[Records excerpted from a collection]
* * * * * * *
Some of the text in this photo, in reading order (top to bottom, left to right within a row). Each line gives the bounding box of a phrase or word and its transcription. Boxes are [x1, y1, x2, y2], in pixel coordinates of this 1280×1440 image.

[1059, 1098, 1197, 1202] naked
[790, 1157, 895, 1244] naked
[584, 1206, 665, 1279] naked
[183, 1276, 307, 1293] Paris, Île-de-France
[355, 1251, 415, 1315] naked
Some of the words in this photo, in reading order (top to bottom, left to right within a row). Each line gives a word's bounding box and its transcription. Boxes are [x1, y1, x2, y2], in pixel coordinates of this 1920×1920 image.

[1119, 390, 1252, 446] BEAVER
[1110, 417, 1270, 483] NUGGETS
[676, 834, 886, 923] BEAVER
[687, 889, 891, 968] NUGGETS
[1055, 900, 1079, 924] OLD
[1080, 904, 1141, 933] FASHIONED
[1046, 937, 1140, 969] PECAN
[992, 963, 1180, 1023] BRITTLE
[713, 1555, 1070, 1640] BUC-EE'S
* * * * * * *
● **WHAT THE EXERCISE ASKS**
Final part of the records: return the line that contains "Some of the words" and every line after it, exactly, with no other lines added.

● **ANSWER FOR THE TASK**
Some of the words in this photo, in reading order (top to bottom, left to right within a row). Each line gives a word's bounding box and its transcription. Boxes are [x1, y1, x2, y2], in pixel coordinates of this 1920×1920 image.

[1119, 390, 1252, 446] BEAVER
[1110, 417, 1270, 483] NUGGETS
[676, 834, 886, 923] BEAVER
[687, 889, 891, 968] NUGGETS
[1055, 900, 1079, 924] OLD
[1080, 904, 1141, 933] FASHIONED
[1046, 937, 1140, 969] PECAN
[992, 963, 1180, 1023] BRITTLE
[713, 1555, 1070, 1640] BUC-EE'S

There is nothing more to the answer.